Aim of the exercise |
Lines from the one containing "this 1248×1664 image." through the last line of the data below are to be returned exactly; leave out the rest.

- - -

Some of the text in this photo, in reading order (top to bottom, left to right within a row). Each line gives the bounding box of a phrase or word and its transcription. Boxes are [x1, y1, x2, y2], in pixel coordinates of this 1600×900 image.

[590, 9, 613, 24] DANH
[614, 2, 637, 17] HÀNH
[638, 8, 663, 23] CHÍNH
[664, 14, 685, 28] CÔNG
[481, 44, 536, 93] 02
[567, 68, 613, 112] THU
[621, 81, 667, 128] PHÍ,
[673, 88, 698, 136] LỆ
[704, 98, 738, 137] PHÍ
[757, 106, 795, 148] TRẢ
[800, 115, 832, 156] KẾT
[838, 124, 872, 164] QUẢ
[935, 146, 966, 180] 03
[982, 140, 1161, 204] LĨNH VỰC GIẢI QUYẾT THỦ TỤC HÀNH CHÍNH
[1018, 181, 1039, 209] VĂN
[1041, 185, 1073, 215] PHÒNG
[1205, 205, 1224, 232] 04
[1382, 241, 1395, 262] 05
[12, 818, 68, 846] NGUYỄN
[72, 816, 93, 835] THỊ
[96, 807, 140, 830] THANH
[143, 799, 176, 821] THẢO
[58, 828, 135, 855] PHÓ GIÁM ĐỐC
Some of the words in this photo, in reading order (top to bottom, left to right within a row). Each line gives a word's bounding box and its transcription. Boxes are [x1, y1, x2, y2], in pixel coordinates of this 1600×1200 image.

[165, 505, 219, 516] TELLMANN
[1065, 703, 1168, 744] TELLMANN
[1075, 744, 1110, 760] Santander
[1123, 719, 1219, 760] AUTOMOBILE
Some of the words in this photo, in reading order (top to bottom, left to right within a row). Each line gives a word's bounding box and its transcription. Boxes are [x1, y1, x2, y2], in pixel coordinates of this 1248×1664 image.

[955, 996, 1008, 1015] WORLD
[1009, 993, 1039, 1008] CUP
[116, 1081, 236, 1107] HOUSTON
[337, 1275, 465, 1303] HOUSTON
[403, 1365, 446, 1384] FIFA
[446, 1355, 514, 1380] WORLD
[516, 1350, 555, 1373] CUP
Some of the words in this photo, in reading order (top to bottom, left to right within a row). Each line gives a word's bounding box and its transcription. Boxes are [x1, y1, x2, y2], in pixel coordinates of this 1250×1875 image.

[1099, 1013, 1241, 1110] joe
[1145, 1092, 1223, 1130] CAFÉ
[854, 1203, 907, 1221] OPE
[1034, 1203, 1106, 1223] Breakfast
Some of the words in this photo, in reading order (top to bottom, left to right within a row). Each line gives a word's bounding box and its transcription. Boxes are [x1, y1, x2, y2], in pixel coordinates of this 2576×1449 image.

- - -

The completed task |
Some of the words in this photo, in reading order (top to bottom, left to right within a row). Each line gives a word's bounding box and its transcription. Boxes are [x1, y1, x2, y2], in pixel coordinates of this 1248×1664 image.

[955, 996, 1008, 1015] WORLD
[1009, 993, 1039, 1008] CUP
[116, 1081, 236, 1107] HOUSTON
[337, 1275, 465, 1303] HOUSTON
[403, 1365, 446, 1384] FIFA
[446, 1355, 514, 1380] WORLD
[516, 1350, 555, 1373] CUP
Some of the words in this photo, in reading order (top to bottom, left to right within a row). Each line gives a word's bounding box and its transcription. Boxes are [x1, y1, x2, y2], in pixel coordinates of this 1250×1875 image.

[1099, 1013, 1241, 1110] joe
[1145, 1092, 1223, 1130] CAFÉ
[854, 1203, 907, 1221] OPE
[1034, 1203, 1106, 1223] Breakfast
Some of the words in this photo, in reading order (top to bottom, left to right within a row). Each line gives a word's bounding box and its transcription. Boxes are [x1, y1, x2, y2], in pixel coordinates of this 2576×1449 image.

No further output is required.